Work to be completed: Each record must be output exactly and in full.

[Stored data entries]
━━━━━━━━
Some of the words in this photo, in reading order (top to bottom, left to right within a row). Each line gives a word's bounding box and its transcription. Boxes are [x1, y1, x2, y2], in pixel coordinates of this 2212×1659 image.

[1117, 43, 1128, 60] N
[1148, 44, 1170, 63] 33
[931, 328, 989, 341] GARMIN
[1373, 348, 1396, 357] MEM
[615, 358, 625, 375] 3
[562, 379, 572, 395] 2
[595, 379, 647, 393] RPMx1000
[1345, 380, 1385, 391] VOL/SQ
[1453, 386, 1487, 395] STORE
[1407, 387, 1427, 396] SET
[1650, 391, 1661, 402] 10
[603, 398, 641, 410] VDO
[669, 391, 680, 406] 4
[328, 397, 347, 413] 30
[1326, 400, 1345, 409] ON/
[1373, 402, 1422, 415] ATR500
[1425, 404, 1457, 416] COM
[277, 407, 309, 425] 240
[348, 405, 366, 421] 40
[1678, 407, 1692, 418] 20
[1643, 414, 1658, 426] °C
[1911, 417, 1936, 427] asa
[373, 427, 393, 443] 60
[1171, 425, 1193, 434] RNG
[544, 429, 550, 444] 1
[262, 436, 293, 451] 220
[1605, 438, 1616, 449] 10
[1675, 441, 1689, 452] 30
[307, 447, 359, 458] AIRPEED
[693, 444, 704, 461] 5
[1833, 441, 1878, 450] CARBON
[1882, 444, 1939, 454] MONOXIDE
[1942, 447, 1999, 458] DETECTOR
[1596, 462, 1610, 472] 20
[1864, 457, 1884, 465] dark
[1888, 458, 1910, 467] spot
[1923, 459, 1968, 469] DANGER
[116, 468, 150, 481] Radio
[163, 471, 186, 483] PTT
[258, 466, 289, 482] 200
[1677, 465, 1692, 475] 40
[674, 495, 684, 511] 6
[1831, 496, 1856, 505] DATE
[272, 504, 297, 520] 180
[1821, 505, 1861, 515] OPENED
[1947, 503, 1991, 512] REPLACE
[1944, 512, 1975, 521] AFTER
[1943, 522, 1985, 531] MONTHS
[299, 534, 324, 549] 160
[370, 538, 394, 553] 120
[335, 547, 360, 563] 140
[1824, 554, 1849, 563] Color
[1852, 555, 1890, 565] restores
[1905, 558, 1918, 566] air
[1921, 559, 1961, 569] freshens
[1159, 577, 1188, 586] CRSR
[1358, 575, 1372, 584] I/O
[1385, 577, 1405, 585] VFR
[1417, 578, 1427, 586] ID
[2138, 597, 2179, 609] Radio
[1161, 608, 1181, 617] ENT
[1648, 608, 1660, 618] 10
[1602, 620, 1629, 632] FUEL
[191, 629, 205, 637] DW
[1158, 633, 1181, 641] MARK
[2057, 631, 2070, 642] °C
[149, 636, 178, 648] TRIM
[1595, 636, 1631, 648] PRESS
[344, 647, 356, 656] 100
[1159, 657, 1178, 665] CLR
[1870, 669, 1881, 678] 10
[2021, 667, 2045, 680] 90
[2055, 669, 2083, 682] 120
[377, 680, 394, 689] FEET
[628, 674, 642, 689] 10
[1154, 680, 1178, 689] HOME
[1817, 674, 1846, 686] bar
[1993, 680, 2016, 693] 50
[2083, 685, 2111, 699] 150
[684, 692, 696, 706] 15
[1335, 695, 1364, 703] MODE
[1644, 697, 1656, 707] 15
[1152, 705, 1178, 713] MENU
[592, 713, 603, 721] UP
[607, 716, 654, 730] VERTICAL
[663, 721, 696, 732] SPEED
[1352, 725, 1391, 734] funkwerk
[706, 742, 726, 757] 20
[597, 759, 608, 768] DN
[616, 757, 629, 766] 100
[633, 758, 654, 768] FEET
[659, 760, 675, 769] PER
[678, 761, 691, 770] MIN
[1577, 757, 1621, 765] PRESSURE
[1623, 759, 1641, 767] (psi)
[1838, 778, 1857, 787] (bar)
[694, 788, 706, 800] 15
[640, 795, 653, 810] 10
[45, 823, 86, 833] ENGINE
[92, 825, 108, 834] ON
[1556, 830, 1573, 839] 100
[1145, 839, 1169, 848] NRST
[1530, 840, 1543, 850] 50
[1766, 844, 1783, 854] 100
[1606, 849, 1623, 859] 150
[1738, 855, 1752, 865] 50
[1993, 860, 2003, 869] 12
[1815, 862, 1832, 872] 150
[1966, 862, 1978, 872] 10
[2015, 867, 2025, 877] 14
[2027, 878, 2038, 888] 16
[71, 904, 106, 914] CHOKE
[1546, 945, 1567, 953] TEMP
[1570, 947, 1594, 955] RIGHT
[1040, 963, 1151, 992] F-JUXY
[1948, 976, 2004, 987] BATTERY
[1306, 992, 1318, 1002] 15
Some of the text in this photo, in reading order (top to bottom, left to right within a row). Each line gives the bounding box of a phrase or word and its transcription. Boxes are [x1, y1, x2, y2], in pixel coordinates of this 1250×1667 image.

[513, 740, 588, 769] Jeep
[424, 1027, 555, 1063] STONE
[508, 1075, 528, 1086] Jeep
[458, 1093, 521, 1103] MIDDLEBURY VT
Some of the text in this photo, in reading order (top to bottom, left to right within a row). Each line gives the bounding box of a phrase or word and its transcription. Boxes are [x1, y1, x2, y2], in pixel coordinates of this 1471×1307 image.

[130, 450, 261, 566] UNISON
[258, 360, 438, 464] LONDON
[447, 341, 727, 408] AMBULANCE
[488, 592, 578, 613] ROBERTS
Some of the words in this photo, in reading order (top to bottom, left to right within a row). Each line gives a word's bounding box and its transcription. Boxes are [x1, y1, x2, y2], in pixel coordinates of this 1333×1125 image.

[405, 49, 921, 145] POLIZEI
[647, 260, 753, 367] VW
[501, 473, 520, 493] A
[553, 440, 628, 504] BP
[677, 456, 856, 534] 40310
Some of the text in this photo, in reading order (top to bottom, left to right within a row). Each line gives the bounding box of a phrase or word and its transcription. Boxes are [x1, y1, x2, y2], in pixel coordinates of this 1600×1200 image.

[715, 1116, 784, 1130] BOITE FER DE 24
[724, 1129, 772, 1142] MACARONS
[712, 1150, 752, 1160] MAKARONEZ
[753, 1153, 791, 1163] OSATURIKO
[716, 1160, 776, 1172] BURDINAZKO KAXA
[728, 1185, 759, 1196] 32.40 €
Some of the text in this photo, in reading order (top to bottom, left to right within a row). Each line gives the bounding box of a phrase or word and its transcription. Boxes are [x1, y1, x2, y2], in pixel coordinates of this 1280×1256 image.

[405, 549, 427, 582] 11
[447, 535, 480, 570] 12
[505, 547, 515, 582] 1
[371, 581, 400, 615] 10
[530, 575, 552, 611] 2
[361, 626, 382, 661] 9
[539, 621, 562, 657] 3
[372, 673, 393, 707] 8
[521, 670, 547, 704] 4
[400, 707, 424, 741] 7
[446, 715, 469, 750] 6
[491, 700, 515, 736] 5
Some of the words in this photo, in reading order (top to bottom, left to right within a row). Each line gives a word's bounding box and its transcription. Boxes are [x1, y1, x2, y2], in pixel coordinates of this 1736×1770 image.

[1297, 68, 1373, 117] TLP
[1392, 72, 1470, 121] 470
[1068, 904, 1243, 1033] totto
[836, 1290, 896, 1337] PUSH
━━━━━━━━
Solved problem:
Some of the words in this photo, in reading order (top to bottom, left to right within a row). Each line gives a word's bounding box and its transcription. Boxes are [x1, y1, x2, y2], in pixel coordinates of this 2212×1659 image.

[1117, 43, 1128, 60] N
[1148, 44, 1170, 63] 33
[931, 328, 989, 341] GARMIN
[1373, 348, 1396, 357] MEM
[615, 358, 625, 375] 3
[562, 379, 572, 395] 2
[595, 379, 647, 393] RPMx1000
[1345, 380, 1385, 391] VOL/SQ
[1453, 386, 1487, 395] STORE
[1407, 387, 1427, 396] SET
[1650, 391, 1661, 402] 10
[603, 398, 641, 410] VDO
[669, 391, 680, 406] 4
[328, 397, 347, 413] 30
[1326, 400, 1345, 409] ON/
[1373, 402, 1422, 415] ATR500
[1425, 404, 1457, 416] COM
[277, 407, 309, 425] 240
[348, 405, 366, 421] 40
[1678, 407, 1692, 418] 20
[1643, 414, 1658, 426] °C
[1911, 417, 1936, 427] asa
[373, 427, 393, 443] 60
[1171, 425, 1193, 434] RNG
[544, 429, 550, 444] 1
[262, 436, 293, 451] 220
[1605, 438, 1616, 449] 10
[1675, 441, 1689, 452] 30
[307, 447, 359, 458] AIRPEED
[693, 444, 704, 461] 5
[1833, 441, 1878, 450] CARBON
[1882, 444, 1939, 454] MONOXIDE
[1942, 447, 1999, 458] DETECTOR
[1596, 462, 1610, 472] 20
[1864, 457, 1884, 465] dark
[1888, 458, 1910, 467] spot
[1923, 459, 1968, 469] DANGER
[116, 468, 150, 481] Radio
[163, 471, 186, 483] PTT
[258, 466, 289, 482] 200
[1677, 465, 1692, 475] 40
[674, 495, 684, 511] 6
[1831, 496, 1856, 505] DATE
[272, 504, 297, 520] 180
[1821, 505, 1861, 515] OPENED
[1947, 503, 1991, 512] REPLACE
[1944, 512, 1975, 521] AFTER
[1943, 522, 1985, 531] MONTHS
[299, 534, 324, 549] 160
[370, 538, 394, 553] 120
[335, 547, 360, 563] 140
[1824, 554, 1849, 563] Color
[1852, 555, 1890, 565] restores
[1905, 558, 1918, 566] air
[1921, 559, 1961, 569] freshens
[1159, 577, 1188, 586] CRSR
[1358, 575, 1372, 584] I/O
[1385, 577, 1405, 585] VFR
[1417, 578, 1427, 586] ID
[2138, 597, 2179, 609] Radio
[1161, 608, 1181, 617] ENT
[1648, 608, 1660, 618] 10
[1602, 620, 1629, 632] FUEL
[191, 629, 205, 637] DW
[1158, 633, 1181, 641] MARK
[2057, 631, 2070, 642] °C
[149, 636, 178, 648] TRIM
[1595, 636, 1631, 648] PRESS
[344, 647, 356, 656] 100
[1159, 657, 1178, 665] CLR
[1870, 669, 1881, 678] 10
[2021, 667, 2045, 680] 90
[2055, 669, 2083, 682] 120
[377, 680, 394, 689] FEET
[628, 674, 642, 689] 10
[1154, 680, 1178, 689] HOME
[1817, 674, 1846, 686] bar
[1993, 680, 2016, 693] 50
[2083, 685, 2111, 699] 150
[684, 692, 696, 706] 15
[1335, 695, 1364, 703] MODE
[1644, 697, 1656, 707] 15
[1152, 705, 1178, 713] MENU
[592, 713, 603, 721] UP
[607, 716, 654, 730] VERTICAL
[663, 721, 696, 732] SPEED
[1352, 725, 1391, 734] funkwerk
[706, 742, 726, 757] 20
[597, 759, 608, 768] DN
[616, 757, 629, 766] 100
[633, 758, 654, 768] FEET
[659, 760, 675, 769] PER
[678, 761, 691, 770] MIN
[1577, 757, 1621, 765] PRESSURE
[1623, 759, 1641, 767] (psi)
[1838, 778, 1857, 787] (bar)
[694, 788, 706, 800] 15
[640, 795, 653, 810] 10
[45, 823, 86, 833] ENGINE
[92, 825, 108, 834] ON
[1556, 830, 1573, 839] 100
[1145, 839, 1169, 848] NRST
[1530, 840, 1543, 850] 50
[1766, 844, 1783, 854] 100
[1606, 849, 1623, 859] 150
[1738, 855, 1752, 865] 50
[1993, 860, 2003, 869] 12
[1815, 862, 1832, 872] 150
[1966, 862, 1978, 872] 10
[2015, 867, 2025, 877] 14
[2027, 878, 2038, 888] 16
[71, 904, 106, 914] CHOKE
[1546, 945, 1567, 953] TEMP
[1570, 947, 1594, 955] RIGHT
[1040, 963, 1151, 992] F-JUXY
[1948, 976, 2004, 987] BATTERY
[1306, 992, 1318, 1002] 15
Some of the text in this photo, in reading order (top to bottom, left to right within a row). Each line gives the bounding box of a phrase or word and its transcription. Boxes are [x1, y1, x2, y2], in pixel coordinates of this 1250×1667 image.

[513, 740, 588, 769] Jeep
[424, 1027, 555, 1063] STONE
[508, 1075, 528, 1086] Jeep
[458, 1093, 521, 1103] MIDDLEBURY VT
Some of the text in this photo, in reading order (top to bottom, left to right within a row). Each line gives the bounding box of a phrase or word and its transcription. Boxes are [x1, y1, x2, y2], in pixel coordinates of this 1471×1307 image.

[130, 450, 261, 566] UNISON
[258, 360, 438, 464] LONDON
[447, 341, 727, 408] AMBULANCE
[488, 592, 578, 613] ROBERTS
Some of the words in this photo, in reading order (top to bottom, left to right within a row). Each line gives a word's bounding box and its transcription. Boxes are [x1, y1, x2, y2], in pixel coordinates of this 1333×1125 image.

[405, 49, 921, 145] POLIZEI
[647, 260, 753, 367] VW
[501, 473, 520, 493] A
[553, 440, 628, 504] BP
[677, 456, 856, 534] 40310
Some of the text in this photo, in reading order (top to bottom, left to right within a row). Each line gives the bounding box of a phrase or word and its transcription. Boxes are [x1, y1, x2, y2], in pixel coordinates of this 1600×1200 image.

[715, 1116, 784, 1130] BOITE FER DE 24
[724, 1129, 772, 1142] MACARONS
[712, 1150, 752, 1160] MAKARONEZ
[753, 1153, 791, 1163] OSATURIKO
[716, 1160, 776, 1172] BURDINAZKO KAXA
[728, 1185, 759, 1196] 32.40 €
Some of the text in this photo, in reading order (top to bottom, left to right within a row). Each line gives the bounding box of a phrase or word and its transcription. Boxes are [x1, y1, x2, y2], in pixel coordinates of this 1280×1256 image.

[405, 549, 427, 582] 11
[447, 535, 480, 570] 12
[505, 547, 515, 582] 1
[371, 581, 400, 615] 10
[530, 575, 552, 611] 2
[361, 626, 382, 661] 9
[539, 621, 562, 657] 3
[372, 673, 393, 707] 8
[521, 670, 547, 704] 4
[400, 707, 424, 741] 7
[446, 715, 469, 750] 6
[491, 700, 515, 736] 5
Some of the words in this photo, in reading order (top to bottom, left to right within a row). Each line gives a word's bounding box and its transcription. Boxes are [x1, y1, x2, y2], in pixel coordinates of this 1736×1770 image.

[1297, 68, 1373, 117] TLP
[1392, 72, 1470, 121] 470
[1068, 904, 1243, 1033] totto
[836, 1290, 896, 1337] PUSH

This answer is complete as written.